30 Days Of JavaScript

Day 13: Async

Lesson 2: Promise Chaining

In the last lesson we have have a call to the PokeAPI using the fetch function made available to us by the browser.

But we haven't yet accessed the data that comes back from the PokeAPI.

To do that we need to use another promise, which allows me talk about how you can control your flow in asynchronous code.

One of the hardest things with async code is understanding when things happen and how you get access to the data when those things complete. In the last lesson we looked at .then()

What we didn't talk about is that you can chain multiple .then()s together if you need to things one after the other that are asynchronous - and it turns out that we want to do just that!

Here's a reminder of the code we have:

1const pokeApi = 'https://pokeapi.co/api/v2/pokemon/ditto';\n
2fetch(pokeApi).then(
3  (res) => console.log("Done!")
4);

The data we want from the PokeAPI is stored within the res object we have in that first function. Sadly we can't just access it like this though: res.data. We need to be more explicit than that.

fetch() will let us access that data, via another promise. Don't panic though, because the ability to chain multiple .then()s together makes this easy. Let's take a look:

1const pokeApi = 'https://pokeapi.co/api/v2/pokemon/ditto';\n
2fetch(pokeApi).then(
3  (res) => res.json()
4).then(
5  (data) => console.log(data)
6)

You will see in the first .then() function that we are no longer logging anything, we are instead calling .json() on the res object. This is a function that asynchronously gets the data that was sent to us in the response and turns it into a JSON object.

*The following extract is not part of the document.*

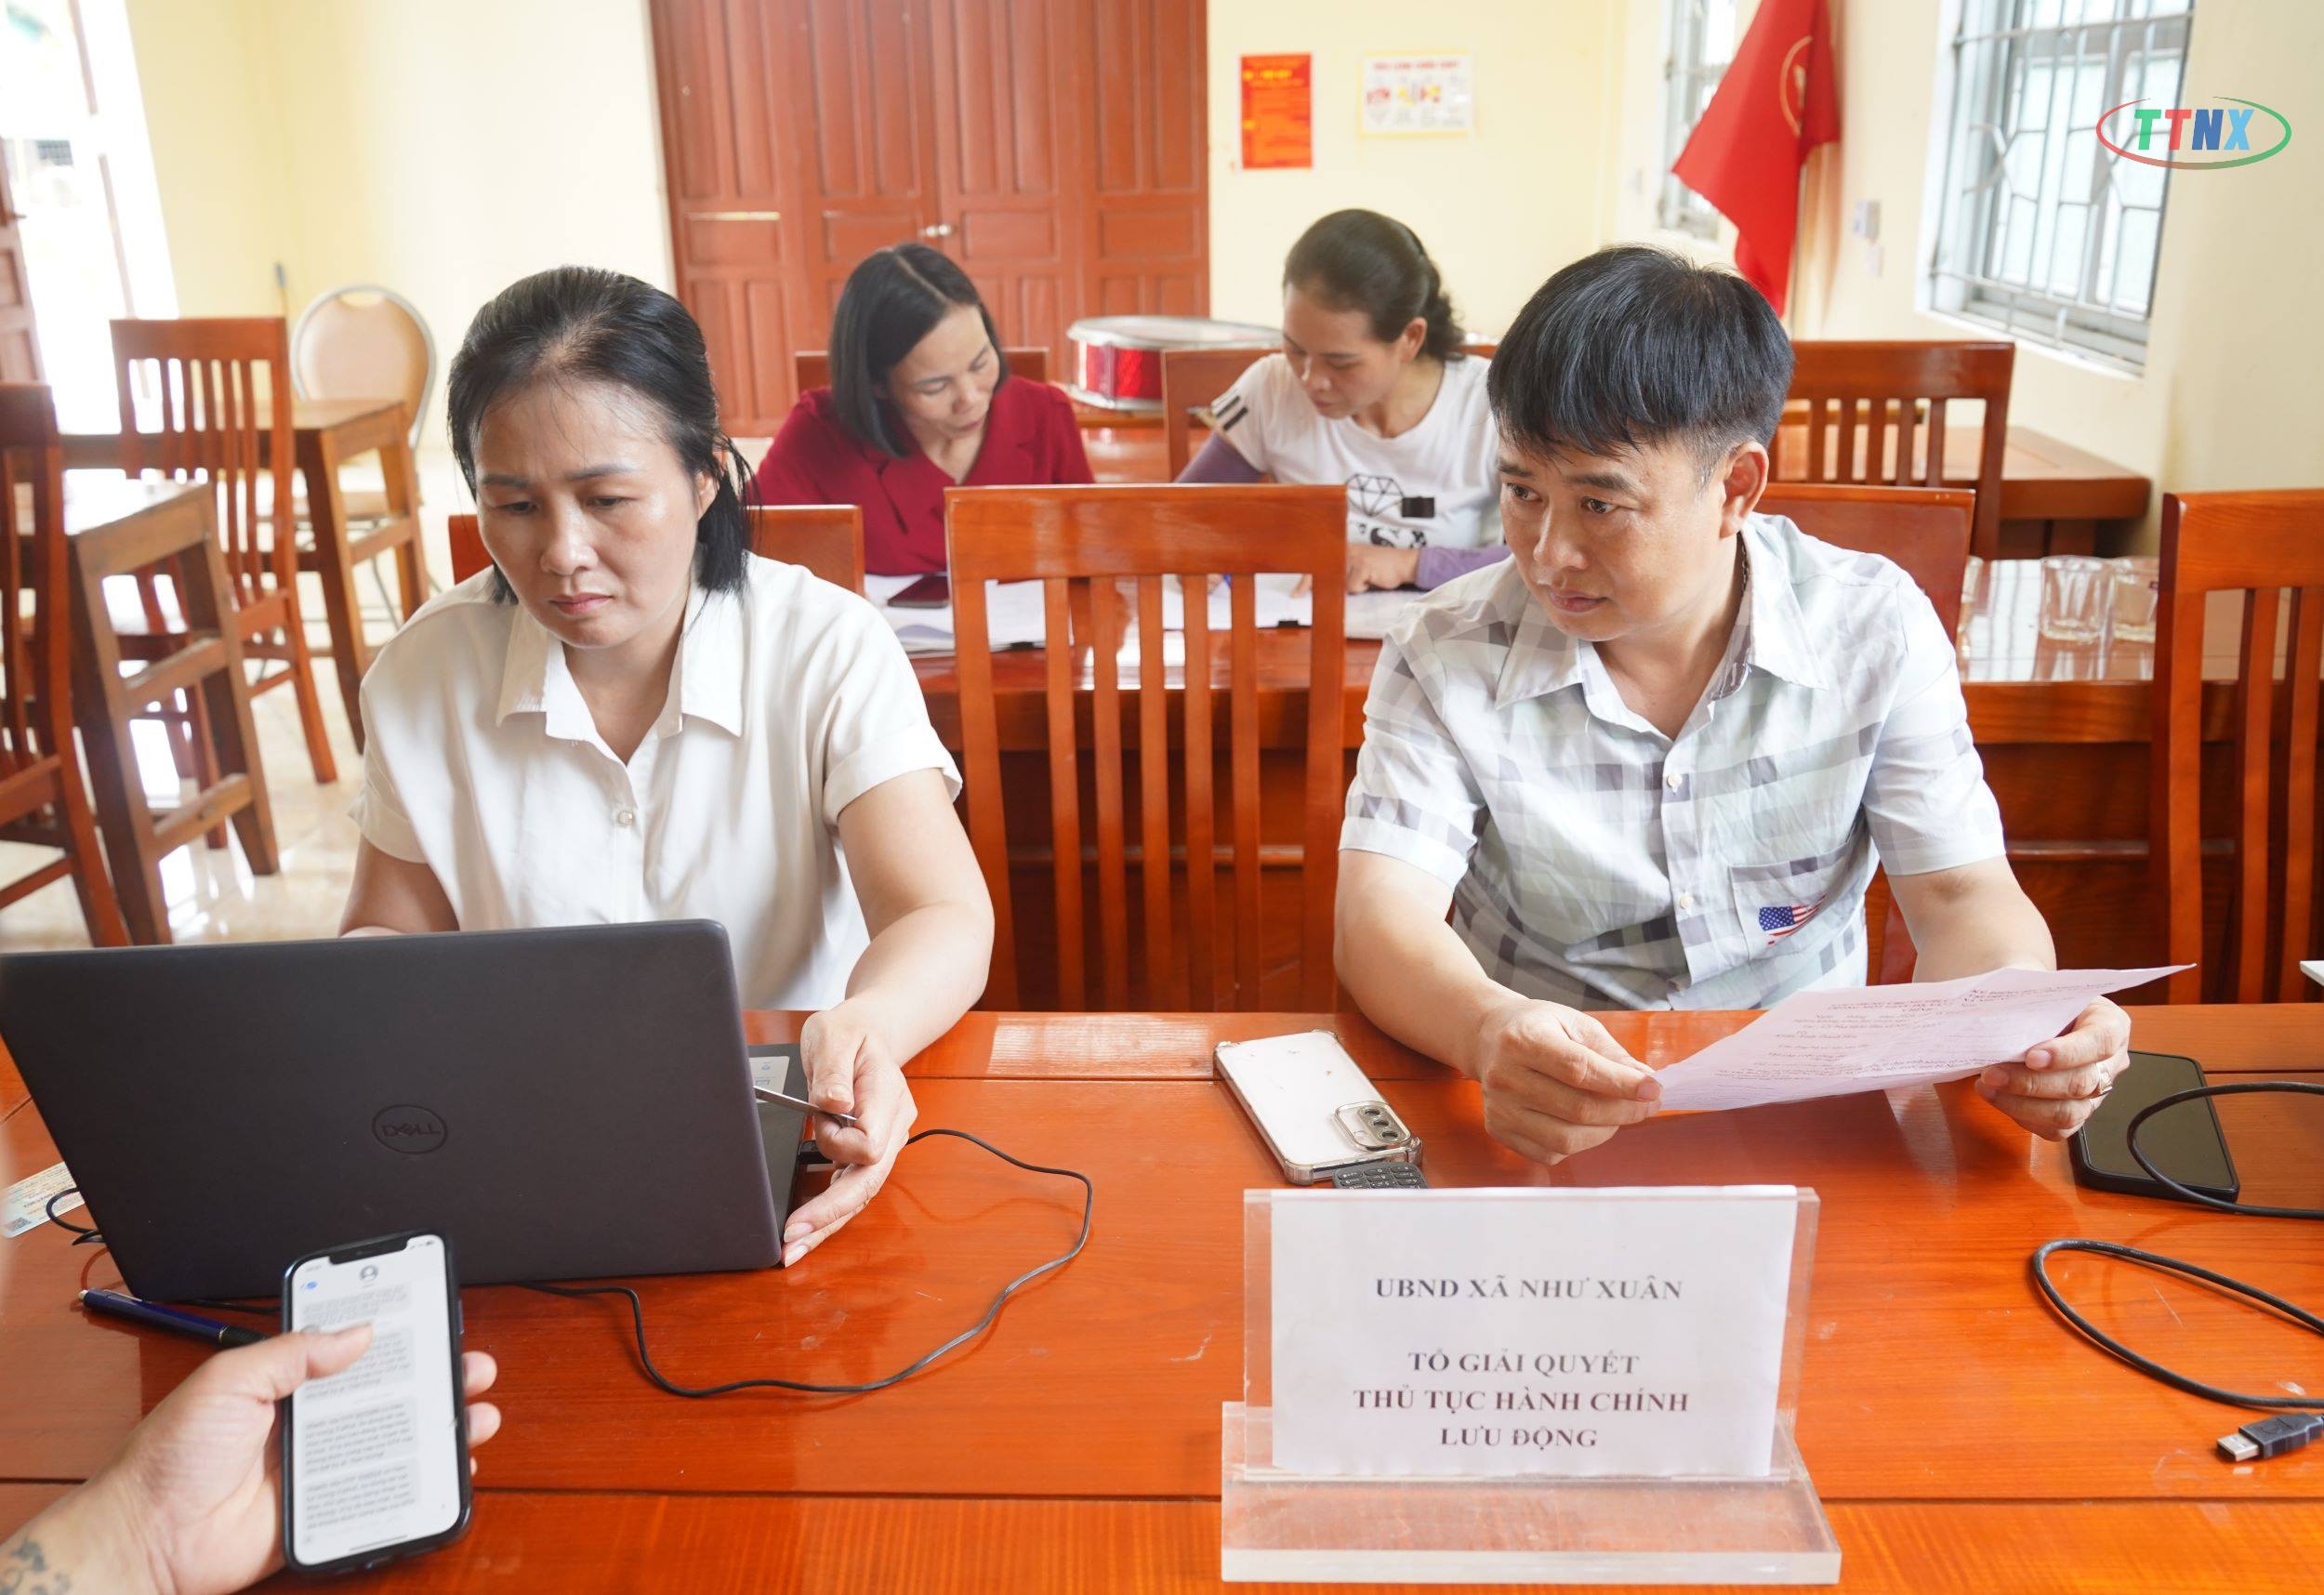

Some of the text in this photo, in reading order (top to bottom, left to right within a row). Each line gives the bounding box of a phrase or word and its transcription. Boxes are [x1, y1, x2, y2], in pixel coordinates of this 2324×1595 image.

How do we know it returns a promise? Sadly there's no obvious way to know other than checking the documentation or learning about it via a tutorial like this. Either way, it returns a promise, just like the main .fetch() function does.

One difference is though that since we are inside a .then() when calling that promise we can simply return it and then add a new .then() on to access the result of the .json() promise. This means we don't start to get horribly nested code, can you imagine the mess of brackets and braces if we had to do .json().then( data .... )`? Eew!

This means we can keep our code nice and flat and have a (data) => console.log(data) function passed into our final .then() to access the data 😀

There's no limit to how many .then()s you can chain together this this, the only caveat being that each one need to return a promise so that the next .then() has a promise to work on.

Important

res.json() returns a promise, but there's no network request like there is with fetch(), it's just the way the JavaScript developers wrote fetch() and it's relevant functions meaning that accessing the data in res with res.json() is done with a promise. The reason for this is due to the way the data base been received and temporarily stored, it does make sense, it's just beyond the scope of a course like this.